Welcome to SQLblog.com - The SQL Server blog spot on the web Sign in | |
in Search

Louis Davidson

How the rowversion datatype works when adding and deleting columns

For years, I had thought (and was probably taught in SQL.AlongTimeAgoInAPlaceFarFarAway) that the timestamp column (well before rowversion was a thing,) was not guaranteed to be an ever increasing value. But this is not the case.

In BOL (https://docs.microsoft.com/en-us/sql/t-sql/data-types/rowversion-transact-sql)  it states:      

"The rowversion data type is just an incrementing number..."

This makes it useful for determining rows that have changed, because it it automatic and the user cannot override the value in the column. However, there is a major concern when you use rowversions, and that is what happens when you change the structure of the table, and expect the consumer to see that change. The problem is that when you change the structure of the table, the rowversion will not be set (except when adding a new rowversion column.)

So let's create a new database and a set of tables:     

CREATE DATABASE TestRowVersion;
GO
USE TestRowVersion;
GO      
       
Now, lets check the status of the two functions that we can use to see  the status of the rowversion values: 

SELECT @@DBTS AS DBTS, --the last rowversion that has been used
       --the next rowversion that will be used
       MIN_ACTIVE_ROWVERSION() AS MIN_ACTIVE_ROWVERSION;

This returns and will always on a new database, at least always has every time I have ever built a new db and checked (which over the years is more often than I care to remember.)

     
DBTS               MIN_ACTIVE_ROWVERSION
------------------ ---------------------
0x00000000000007D0 0x00000000000007D1

Next, let us create a few new tables, two with rowversion columns:

CREATE TABLE TestRowversion1
(
    TestRowversion1 int CONSTRAINT PKTestRowversion1 PRIMARY KEY,
    RowVersion rowversion NOT NULL
);
CREATE TABLE TestRowversion2
(
    TestRowversion2 int CONSTRAINT PKTestRowversion2 PRIMARY KEY,
    RowVersion rowversion NOT NULL
);      
CREATE TABLE TestNoRowversionYet
(
    TestNoRowversionYet int CONSTRAINT PKTestNoRowversionYet PRIMARY KEY
);     
GO      
      
The rowversion values have not changed (only using the @@DBTS from now on because it is usually what we want to see):      
 
SELECT @@DBTS AS DBTS;

You will see no change from the first execution.

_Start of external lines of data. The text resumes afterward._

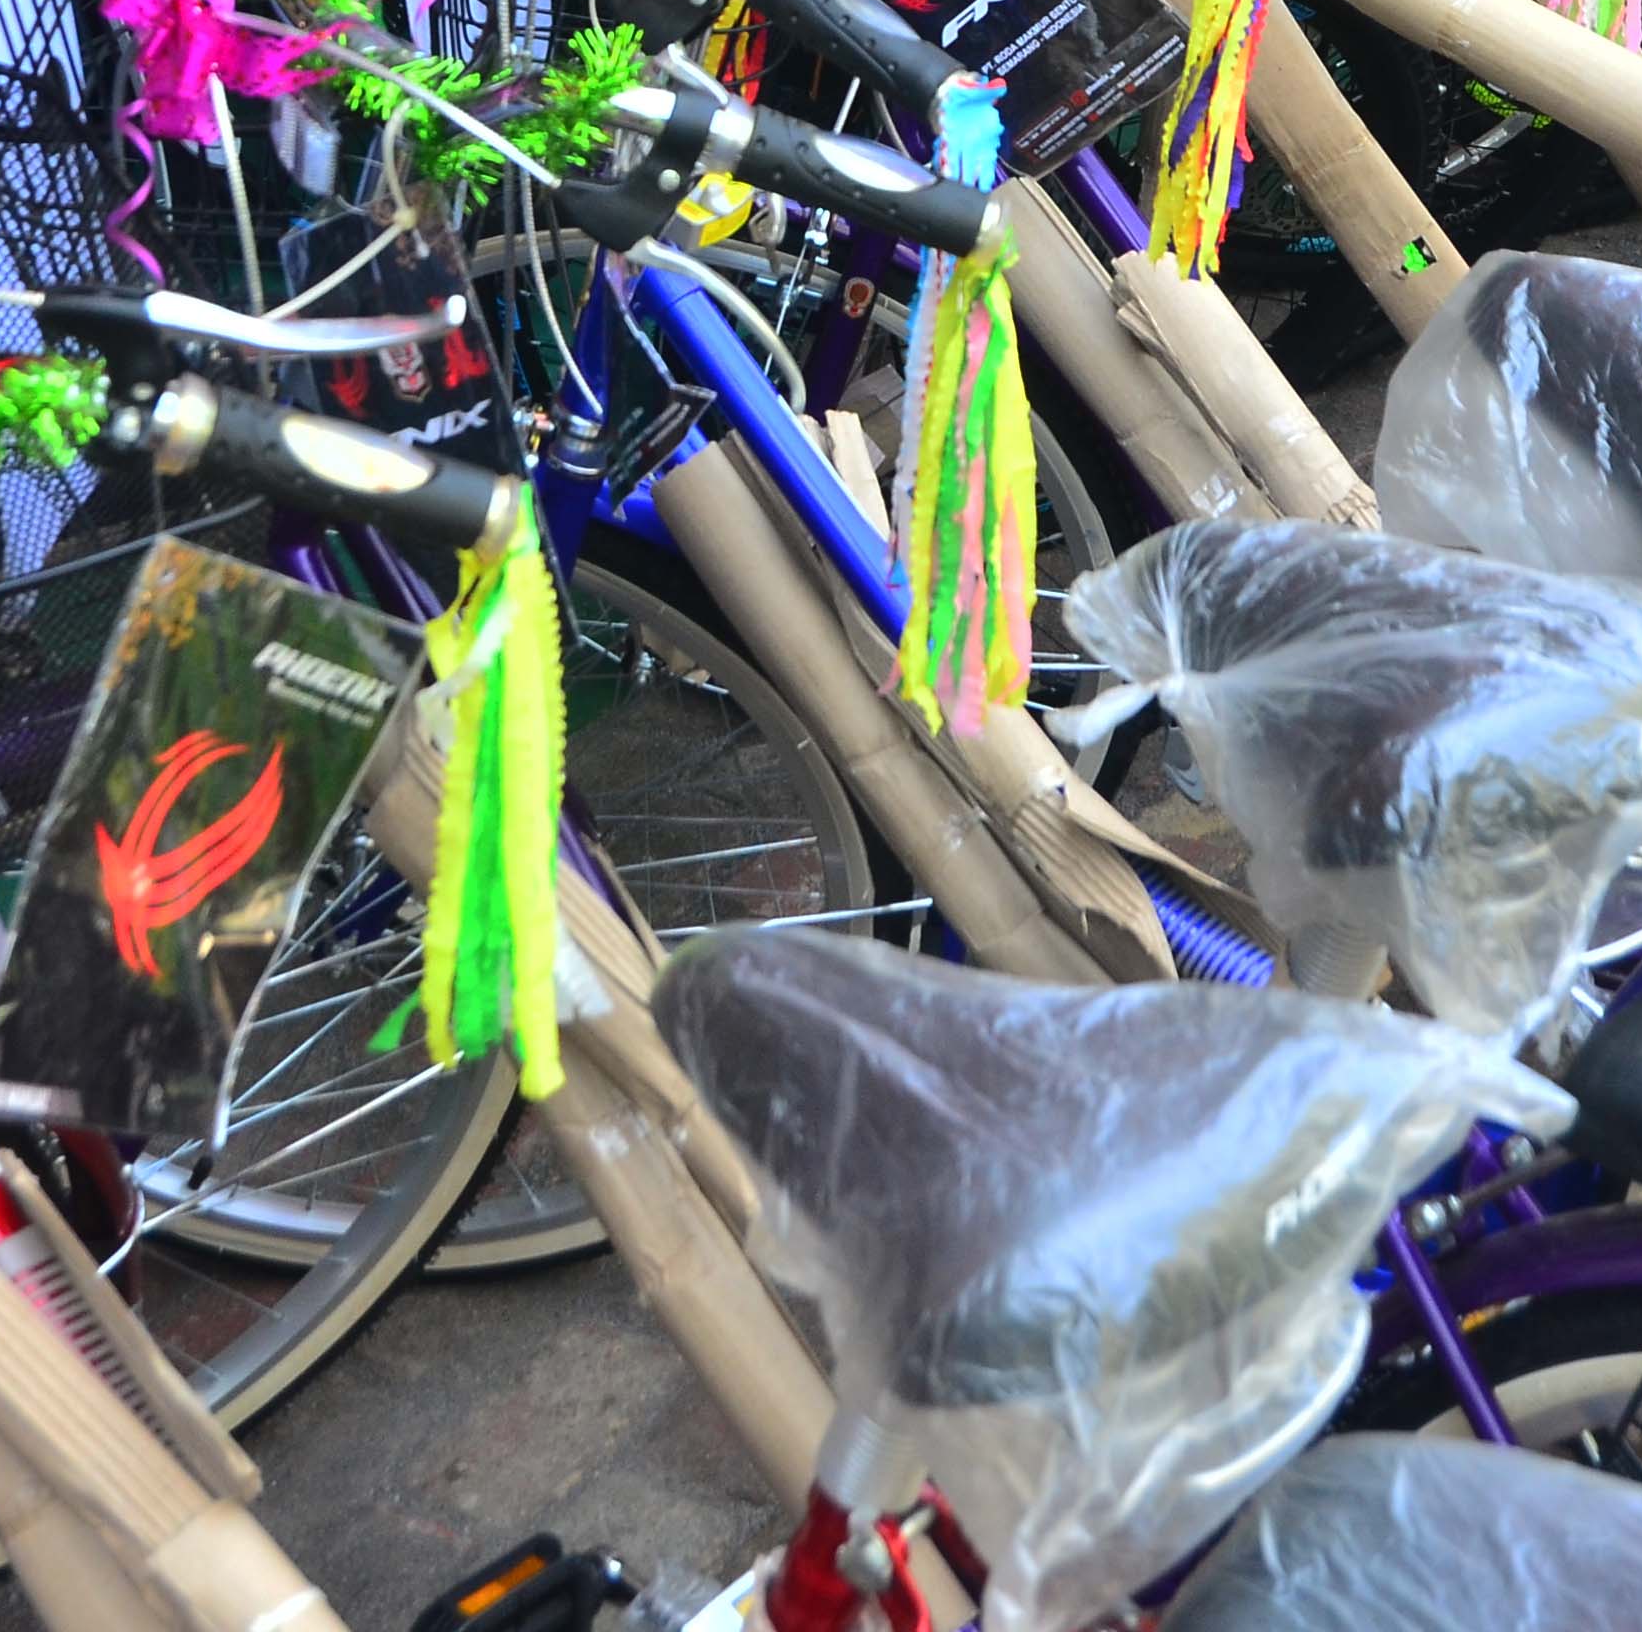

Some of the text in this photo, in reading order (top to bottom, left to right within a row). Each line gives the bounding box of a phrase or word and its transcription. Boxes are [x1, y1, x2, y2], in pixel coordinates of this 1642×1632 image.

[994, 43, 1018, 68] RODA
[997, 37, 1041, 76] SEMARANG
[1043, 2, 1087, 41] INDONESIA
[388, 398, 493, 449] NIX
[252, 640, 398, 712] PHOENIX

Now, lets add a few rows to the table with rowversions.     

INSERT INTO dbo.TestRowversion1(TestRowversion1)
VALUES(1),(2),(3);
GO
INSERT INTO dbo.TestRowversion2(TestRowversion2)
VALUES(10),(20),(30);     
GO      
 
And now check the values:      
 
SELECT *
FROM    dbo.TestRowversion1;
SELECT *
FROM    dbo.TestRowversion2;

SELECT @@DBTS AS DBTS;

This will return:
      
TestRowversion1 RowVersion
--------------- ------------------
1               0x00000000000007D1
2               0x00000000000007D2
3               0x00000000000007D3

TestRowversion2 RowVersion
--------------- ------------------
10              0x00000000000007D4
20              0x00000000000007D5
30              0x00000000000007D6

DBTS              
------------------
0x00000000000007D6

Next step, let's add a new column to both tables to see what the effect is. In the first table, the column will be NOT NULL, with a default, and the second will be null.

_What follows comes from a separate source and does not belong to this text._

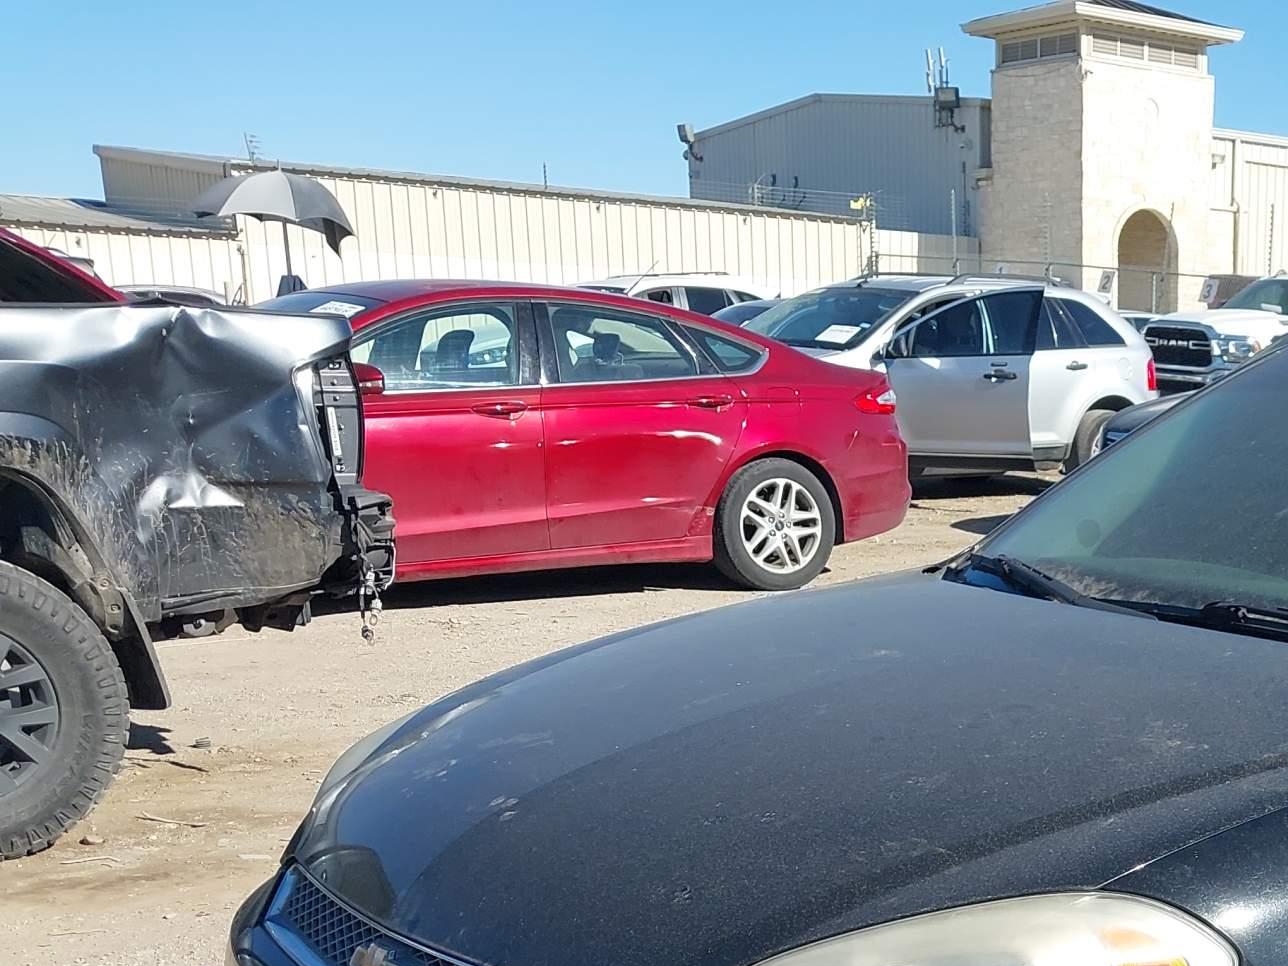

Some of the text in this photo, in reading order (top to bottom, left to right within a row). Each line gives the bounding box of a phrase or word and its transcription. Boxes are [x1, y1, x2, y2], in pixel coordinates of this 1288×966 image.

ALTER TABLE dbo.TestRowversion1
    ADD NewNotNullColumn varchar(20) NOT NULL
        CONSTRAINT DFLTTestRowversion1_NewNotNullColumn DEFAULT ('Not Null'); 
    
ALTER TABLE dbo.TestRowversion2
    ADD NewNullColumn varchar(20) NULL;

    
Now, let's look at the data:

SELECT *
FROM    dbo.TestRowversion1;
SELECT *
FROM    dbo.TestRowversion2;

SELECT @@DBTS AS DBTS; 

You will see the following:      

TestRowversion1 RowVersion         NewNotNullColumn
--------------- ------------------ --------------------
1               0x00000000000007D1 Not Null
2               0x00000000000007D2 Not Null
3               0x00000000000007D3 Not Null

TestRowversion2 RowVersion         NewNullColumn
--------------- ------------------ --------------------
10              0x00000000000007D4 NULL
20              0x00000000000007D5 NULL
30              0x00000000000007D6 NULL


DBTS               MIN_ACTIVE_ROWVERSION
------------------ ---------------------
0x00000000000007D6 0x00000000000007D7


Note that, from a RowVersion standpoint, the values have not changed.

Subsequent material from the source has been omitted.